- _Requirement_
Type the listing below out again exactly. No images.

- _Data records_
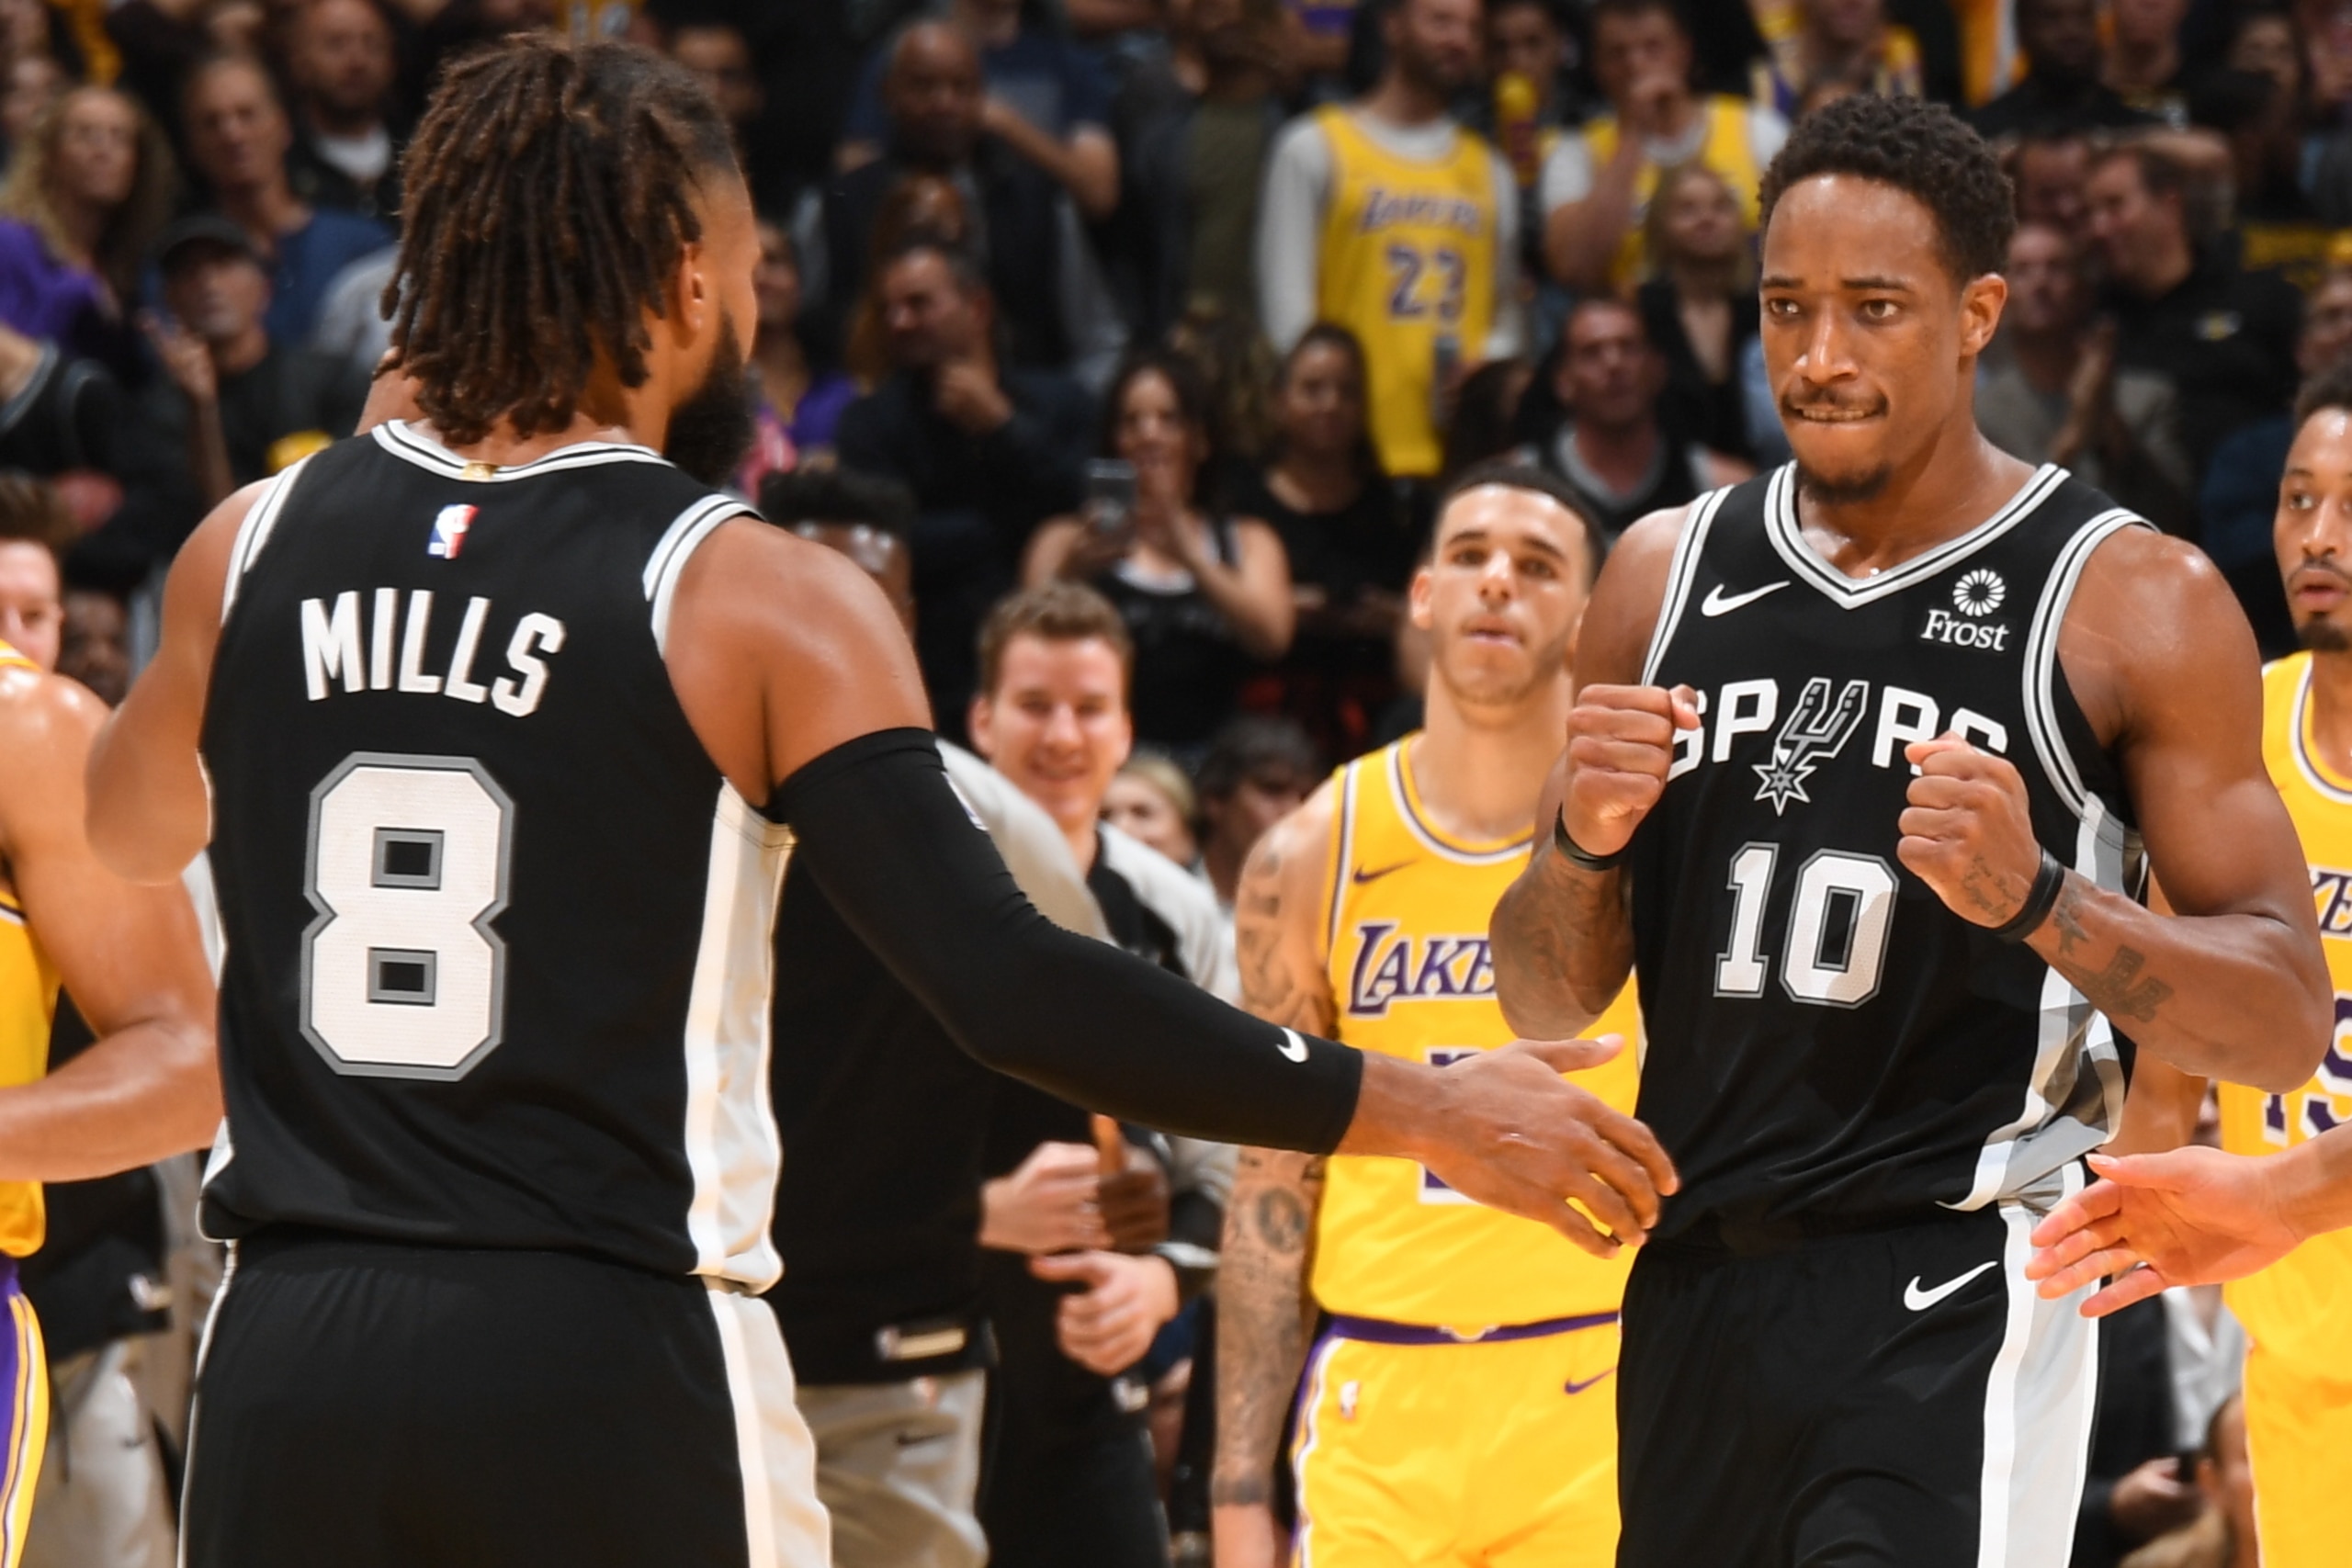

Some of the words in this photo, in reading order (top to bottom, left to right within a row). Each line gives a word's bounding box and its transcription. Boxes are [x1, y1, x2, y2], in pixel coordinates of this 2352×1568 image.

[1386, 244, 1468, 323] 23
[300, 587, 567, 717] MILLS
[1920, 609, 2010, 651] Frost
[299, 750, 515, 1082] 8
[1345, 919, 1498, 1019] LAKE
[1713, 840, 1900, 1010] 10

- _Written answer_
Some of the words in this photo, in reading order (top to bottom, left to right within a row). Each line gives a word's bounding box and its transcription. Boxes are [x1, y1, x2, y2], in pixel coordinates of this 2352×1568 image.

[1386, 244, 1468, 323] 23
[300, 587, 567, 717] MILLS
[1920, 609, 2010, 651] Frost
[299, 750, 515, 1082] 8
[1345, 919, 1498, 1019] LAKE
[1713, 840, 1900, 1010] 10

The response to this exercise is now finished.